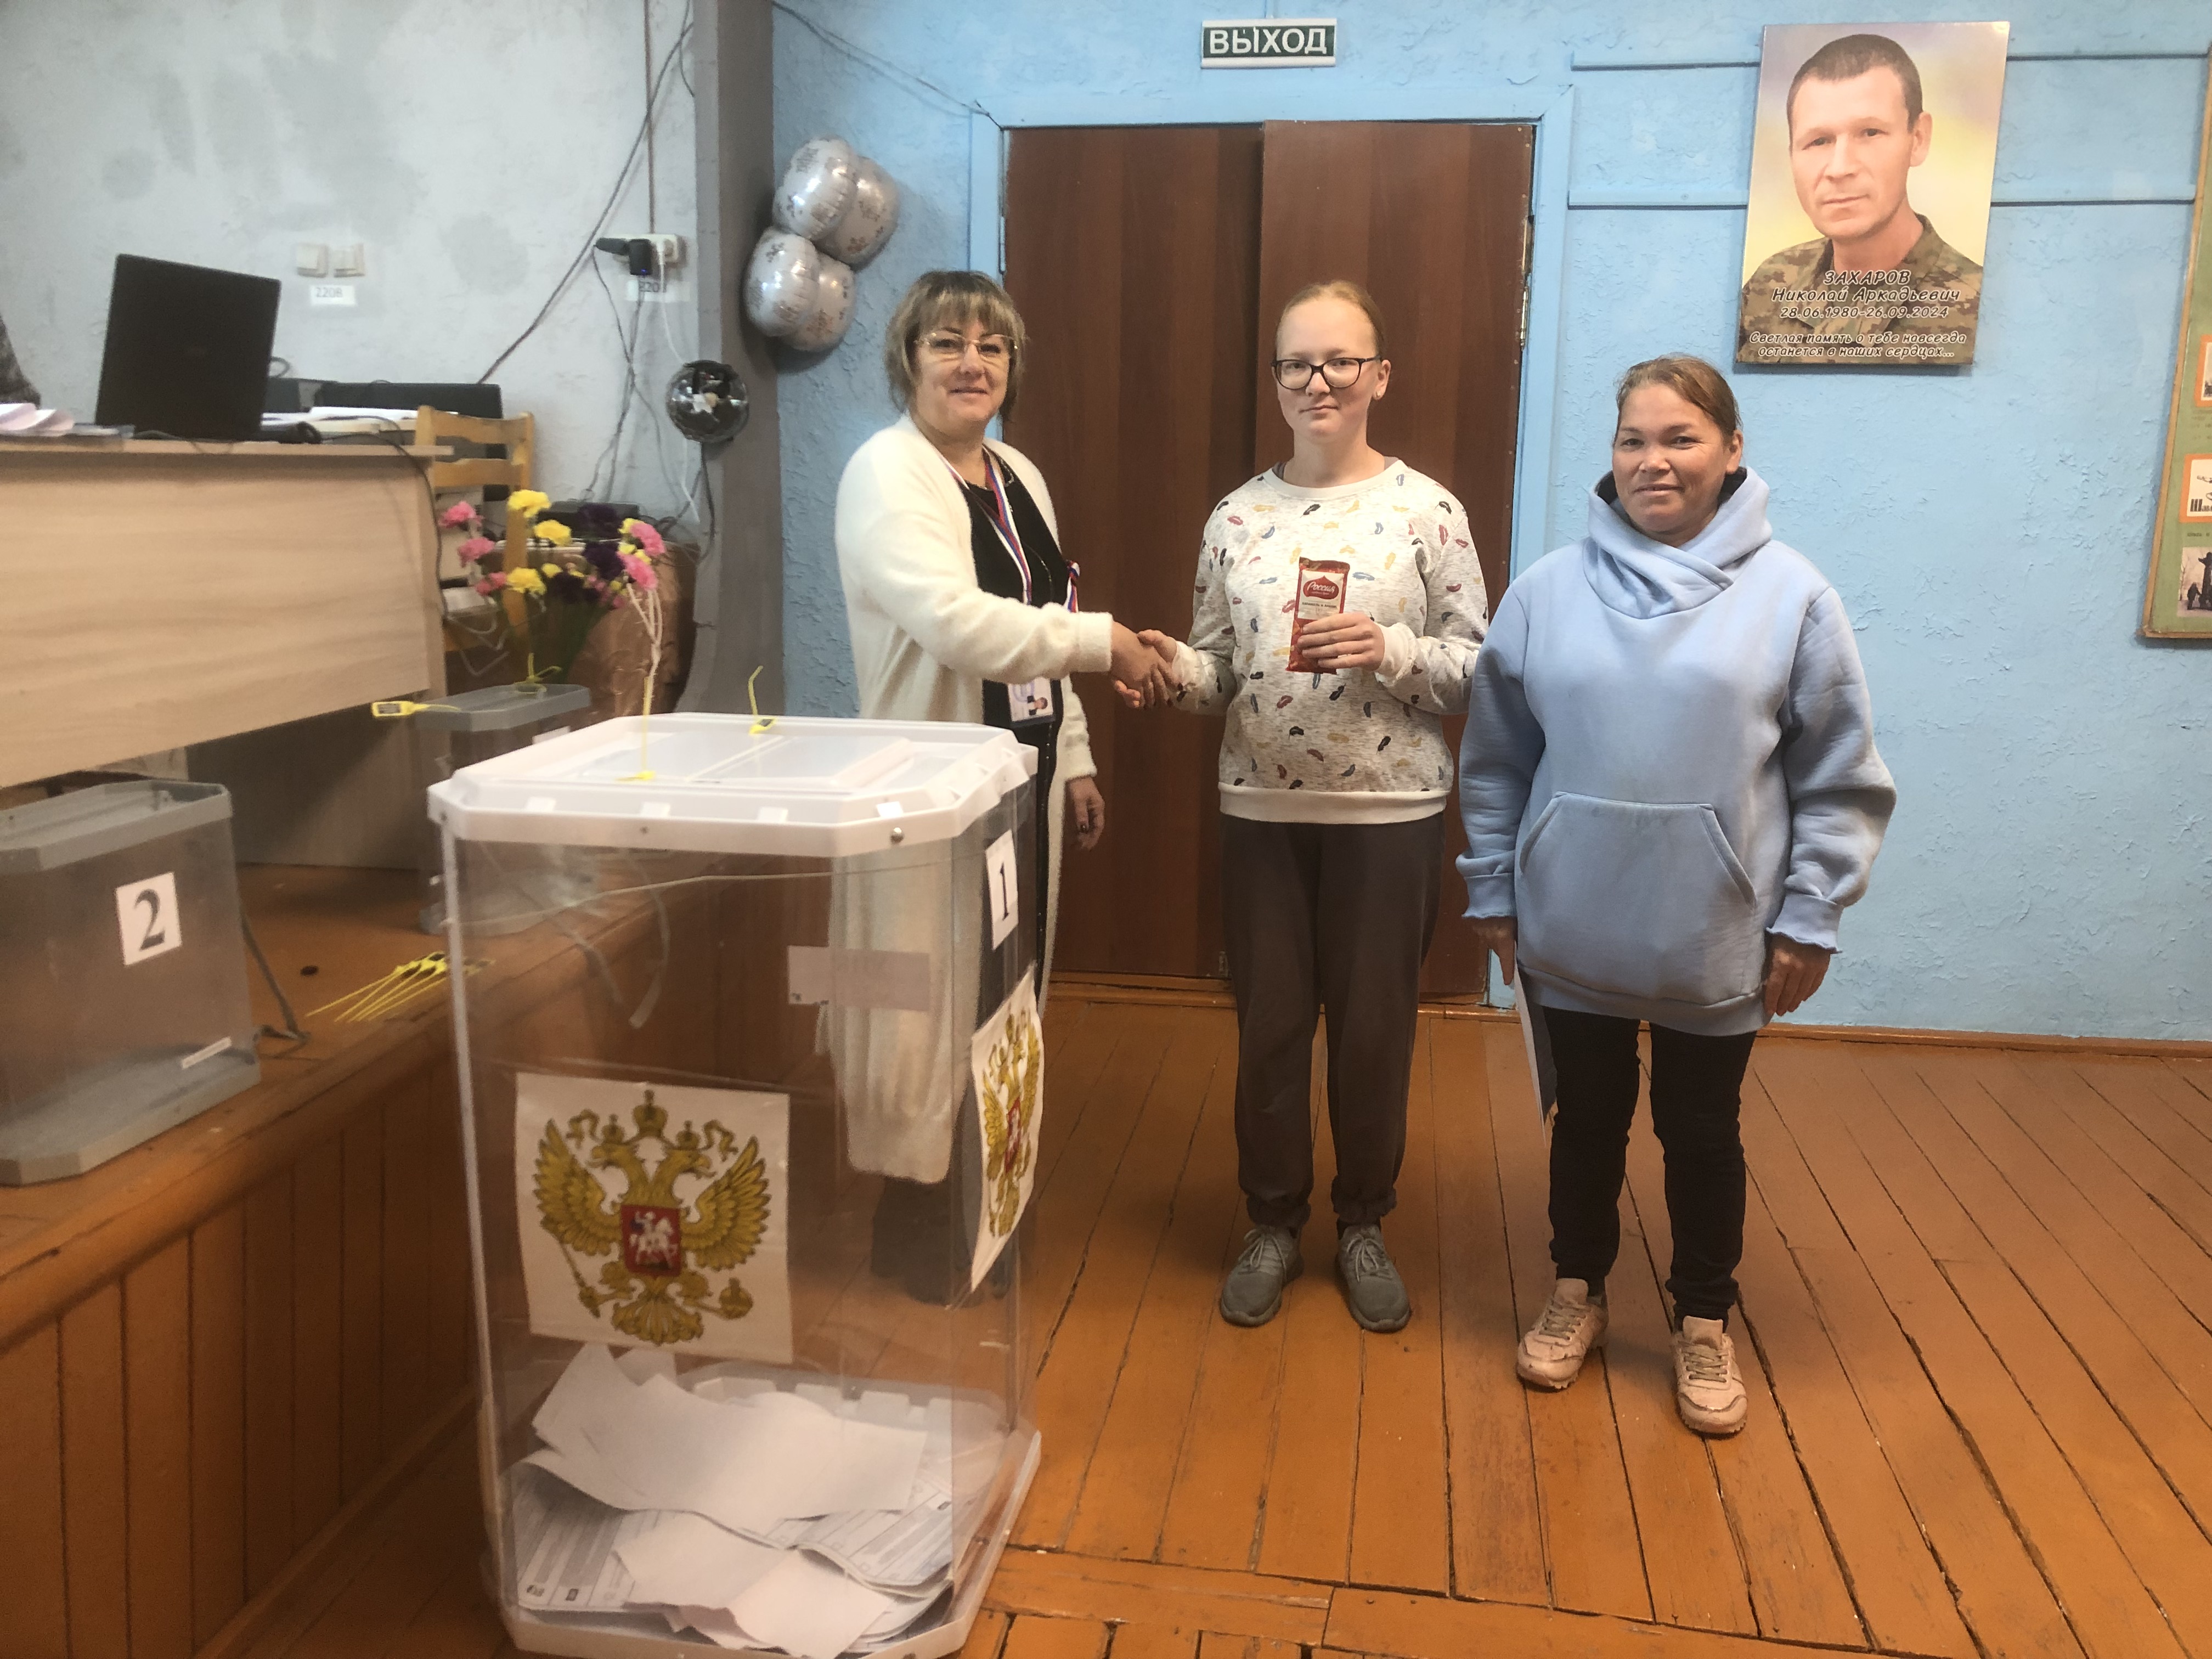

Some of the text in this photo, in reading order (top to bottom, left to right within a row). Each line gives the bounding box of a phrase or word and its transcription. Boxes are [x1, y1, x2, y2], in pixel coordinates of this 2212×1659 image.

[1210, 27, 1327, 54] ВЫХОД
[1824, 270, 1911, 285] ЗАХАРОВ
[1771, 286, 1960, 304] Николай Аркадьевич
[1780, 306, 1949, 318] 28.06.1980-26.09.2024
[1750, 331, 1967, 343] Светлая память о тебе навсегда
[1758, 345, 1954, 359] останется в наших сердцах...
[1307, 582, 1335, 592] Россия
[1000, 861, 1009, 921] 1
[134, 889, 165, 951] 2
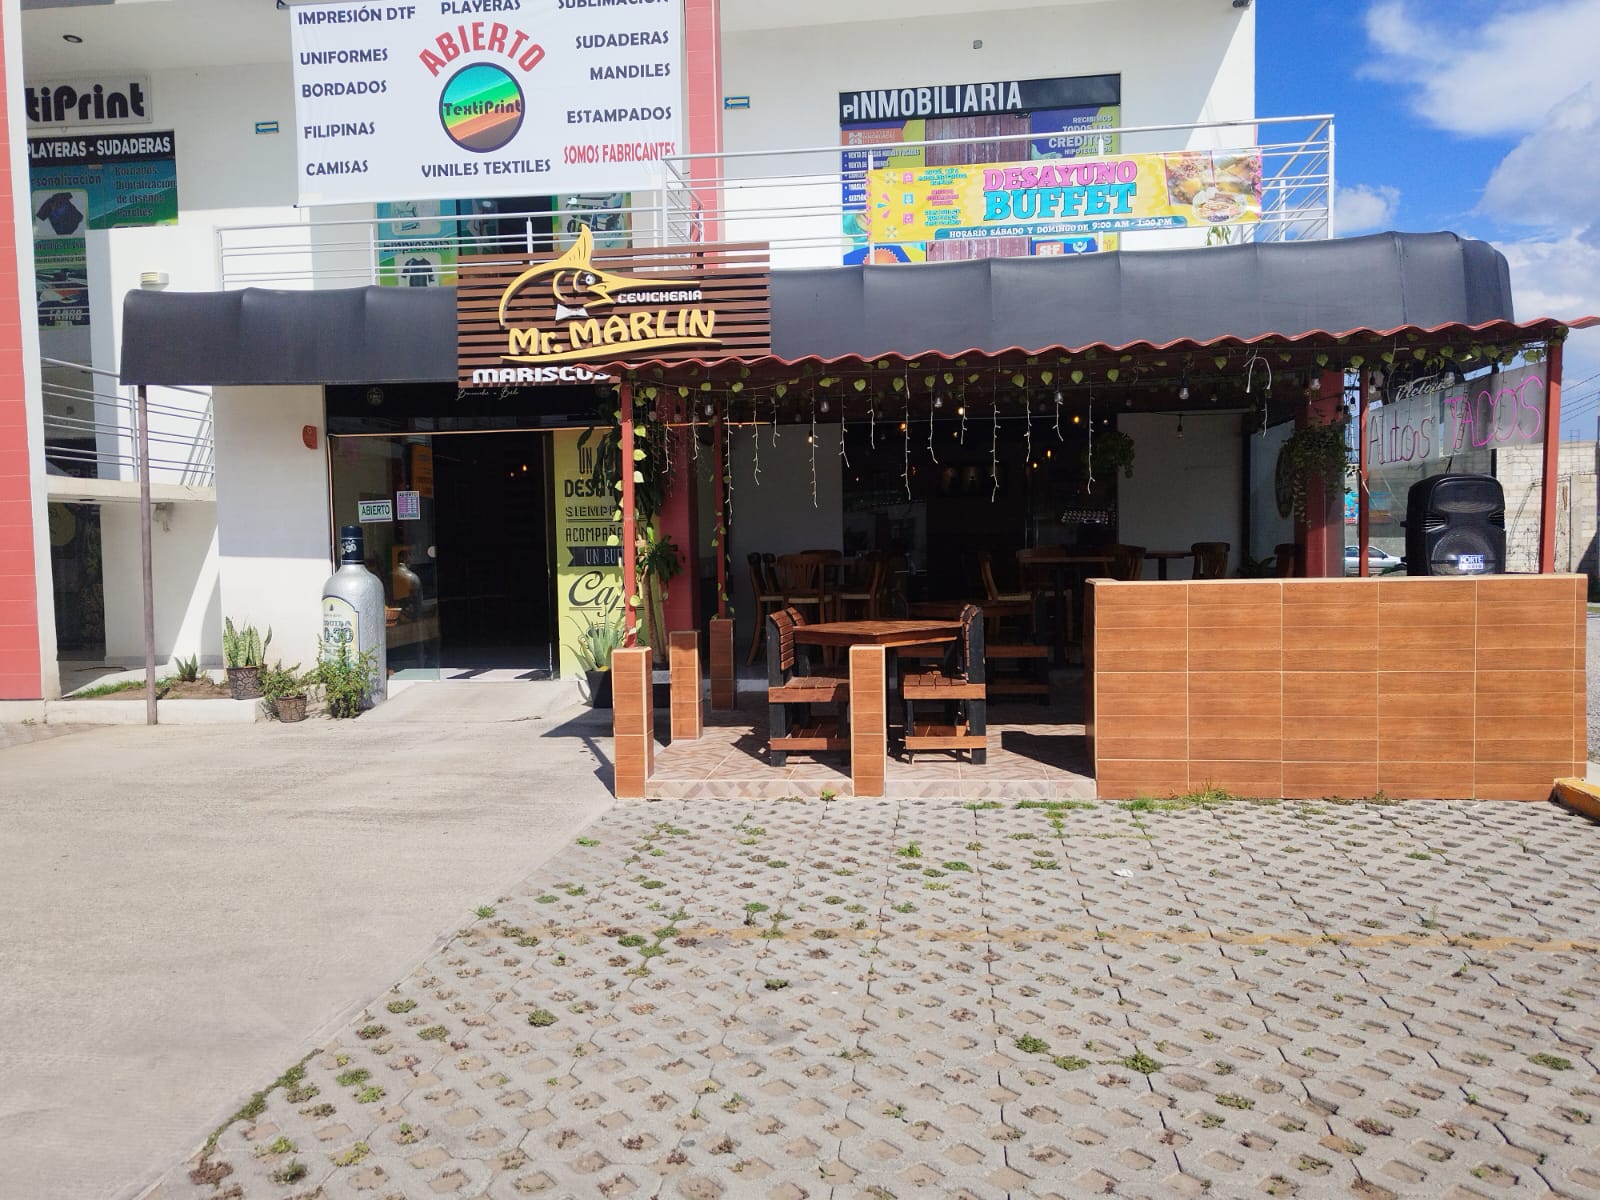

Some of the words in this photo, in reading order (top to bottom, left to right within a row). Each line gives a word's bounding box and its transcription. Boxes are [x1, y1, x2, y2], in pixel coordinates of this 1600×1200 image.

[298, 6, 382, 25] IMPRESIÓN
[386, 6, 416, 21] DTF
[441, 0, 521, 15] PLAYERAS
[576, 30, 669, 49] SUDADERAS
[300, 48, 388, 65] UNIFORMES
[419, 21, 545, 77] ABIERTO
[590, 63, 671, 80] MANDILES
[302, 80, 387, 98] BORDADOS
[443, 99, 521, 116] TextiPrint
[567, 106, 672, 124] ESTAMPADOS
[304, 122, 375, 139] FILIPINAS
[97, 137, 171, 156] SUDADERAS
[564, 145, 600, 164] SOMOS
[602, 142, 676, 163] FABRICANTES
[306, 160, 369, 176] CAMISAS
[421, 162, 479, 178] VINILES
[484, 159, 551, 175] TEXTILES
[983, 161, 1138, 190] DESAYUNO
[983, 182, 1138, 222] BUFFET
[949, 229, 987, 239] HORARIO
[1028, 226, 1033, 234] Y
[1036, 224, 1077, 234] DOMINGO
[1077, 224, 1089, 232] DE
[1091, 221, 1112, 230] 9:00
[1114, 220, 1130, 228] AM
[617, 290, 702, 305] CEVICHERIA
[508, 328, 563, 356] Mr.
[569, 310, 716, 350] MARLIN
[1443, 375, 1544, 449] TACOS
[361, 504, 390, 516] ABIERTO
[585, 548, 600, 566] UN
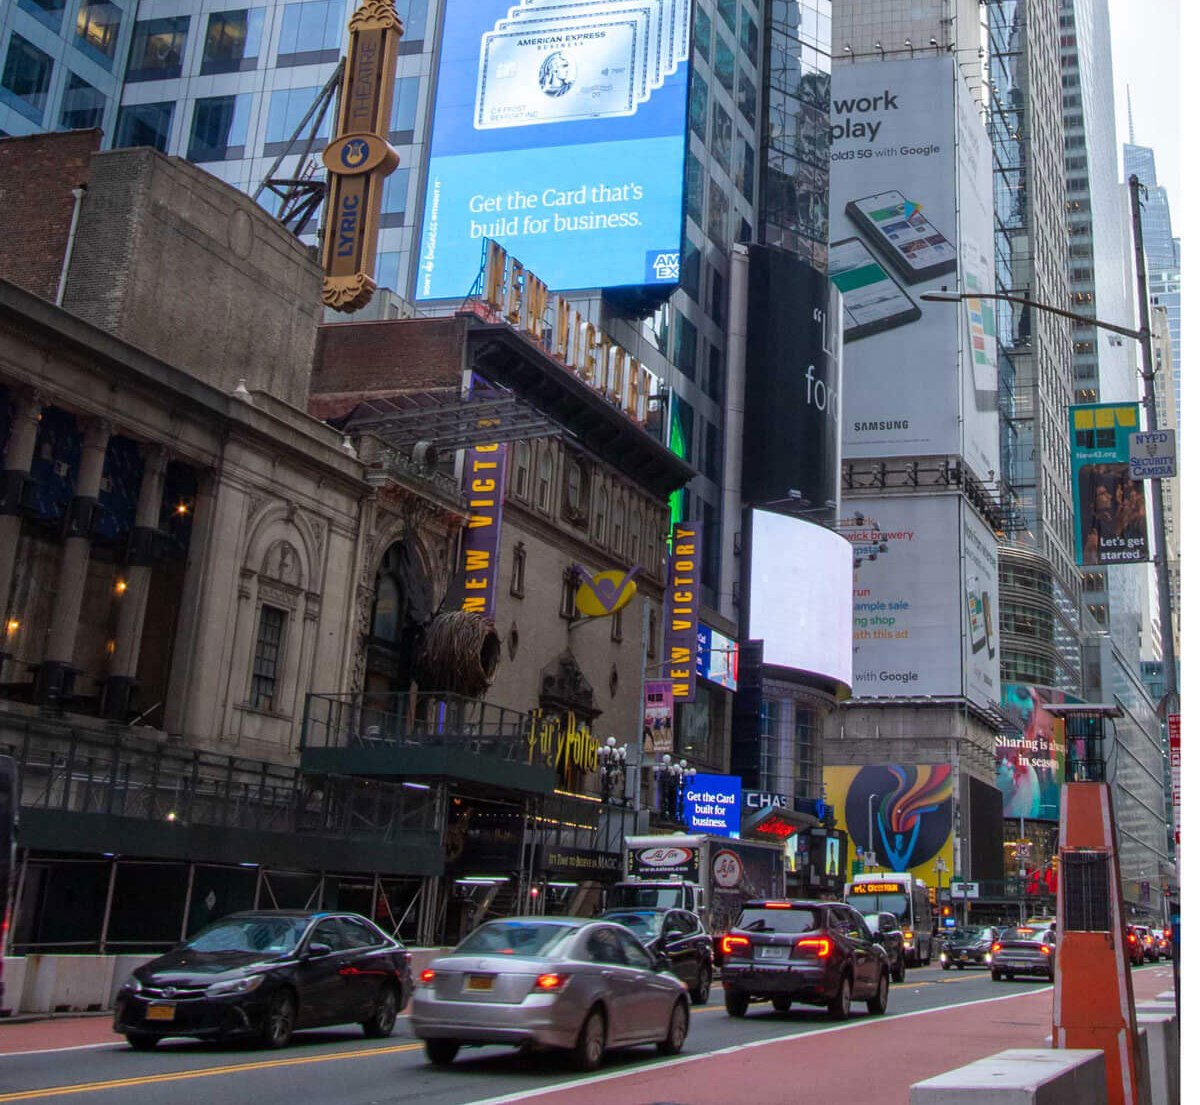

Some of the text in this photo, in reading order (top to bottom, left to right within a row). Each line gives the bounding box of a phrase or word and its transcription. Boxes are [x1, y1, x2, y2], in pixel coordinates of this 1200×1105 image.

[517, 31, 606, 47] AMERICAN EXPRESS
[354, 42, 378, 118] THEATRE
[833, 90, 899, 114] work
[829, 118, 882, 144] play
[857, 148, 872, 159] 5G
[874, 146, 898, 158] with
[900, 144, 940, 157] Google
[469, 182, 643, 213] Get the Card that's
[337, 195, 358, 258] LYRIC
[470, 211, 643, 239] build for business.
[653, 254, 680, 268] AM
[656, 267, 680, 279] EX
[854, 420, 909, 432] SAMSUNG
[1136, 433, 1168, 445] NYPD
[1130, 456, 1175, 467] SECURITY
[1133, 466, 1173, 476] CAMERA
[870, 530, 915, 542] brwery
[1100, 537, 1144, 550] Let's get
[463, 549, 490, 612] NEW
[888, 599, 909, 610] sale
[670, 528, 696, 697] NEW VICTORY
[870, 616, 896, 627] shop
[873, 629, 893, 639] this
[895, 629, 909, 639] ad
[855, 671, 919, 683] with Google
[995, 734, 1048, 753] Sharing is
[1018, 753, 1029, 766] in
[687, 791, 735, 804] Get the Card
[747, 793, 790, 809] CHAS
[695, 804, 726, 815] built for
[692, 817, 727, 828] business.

## WHAT YOU HAVE TO DO
Leave out the pictures. Transcribe the rest of the listing above exactly.

## ANSWER FOR THIS EXERCISE
Some of the text in this photo, in reading order (top to bottom, left to right within a row). Each line gives the bounding box of a phrase or word and its transcription. Boxes are [x1, y1, x2, y2], in pixel coordinates of this 2212×1659 image.

[1210, 27, 1327, 54] ВЫХОД
[1824, 270, 1911, 285] ЗАХАРОВ
[1771, 286, 1960, 304] Николай Аркадьевич
[1780, 306, 1949, 318] 28.06.1980-26.09.2024
[1750, 331, 1967, 343] Светлая память о тебе навсегда
[1758, 345, 1954, 359] останется в наших сердцах...
[1307, 582, 1335, 592] Россия
[1000, 861, 1009, 921] 1
[134, 889, 165, 951] 2

Some of the words in this photo, in reading order (top to bottom, left to right within a row). Each line gives a word's bounding box and its transcription. Boxes are [x1, y1, x2, y2], in pixel coordinates of this 1600×1200 image.

[298, 6, 382, 25] IMPRESIÓN
[386, 6, 416, 21] DTF
[441, 0, 521, 15] PLAYERAS
[576, 30, 669, 49] SUDADERAS
[300, 48, 388, 65] UNIFORMES
[419, 21, 545, 77] ABIERTO
[590, 63, 671, 80] MANDILES
[302, 80, 387, 98] BORDADOS
[443, 99, 521, 116] TextiPrint
[567, 106, 672, 124] ESTAMPADOS
[304, 122, 375, 139] FILIPINAS
[97, 137, 171, 156] SUDADERAS
[564, 145, 600, 164] SOMOS
[602, 142, 676, 163] FABRICANTES
[306, 160, 369, 176] CAMISAS
[421, 162, 479, 178] VINILES
[484, 159, 551, 175] TEXTILES
[983, 161, 1138, 190] DESAYUNO
[983, 182, 1138, 222] BUFFET
[949, 229, 987, 239] HORARIO
[1028, 226, 1033, 234] Y
[1036, 224, 1077, 234] DOMINGO
[1077, 224, 1089, 232] DE
[1091, 221, 1112, 230] 9:00
[1114, 220, 1130, 228] AM
[617, 290, 702, 305] CEVICHERIA
[508, 328, 563, 356] Mr.
[569, 310, 716, 350] MARLIN
[1443, 375, 1544, 449] TACOS
[361, 504, 390, 516] ABIERTO
[585, 548, 600, 566] UN

Some of the text in this photo, in reading order (top to bottom, left to right within a row). Each line gives the bounding box of a phrase or word and its transcription. Boxes are [x1, y1, x2, y2], in pixel coordinates of this 1200×1105 image.

[517, 31, 606, 47] AMERICAN EXPRESS
[354, 42, 378, 118] THEATRE
[833, 90, 899, 114] work
[829, 118, 882, 144] play
[857, 148, 872, 159] 5G
[874, 146, 898, 158] with
[900, 144, 940, 157] Google
[469, 182, 643, 213] Get the Card that's
[337, 195, 358, 258] LYRIC
[470, 211, 643, 239] build for business.
[653, 254, 680, 268] AM
[656, 267, 680, 279] EX
[854, 420, 909, 432] SAMSUNG
[1136, 433, 1168, 445] NYPD
[1130, 456, 1175, 467] SECURITY
[1133, 466, 1173, 476] CAMERA
[870, 530, 915, 542] brwery
[1100, 537, 1144, 550] Let's get
[463, 549, 490, 612] NEW
[888, 599, 909, 610] sale
[670, 528, 696, 697] NEW VICTORY
[870, 616, 896, 627] shop
[873, 629, 893, 639] this
[895, 629, 909, 639] ad
[855, 671, 919, 683] with Google
[995, 734, 1048, 753] Sharing is
[1018, 753, 1029, 766] in
[687, 791, 735, 804] Get the Card
[747, 793, 790, 809] CHAS
[695, 804, 726, 815] built for
[692, 817, 727, 828] business.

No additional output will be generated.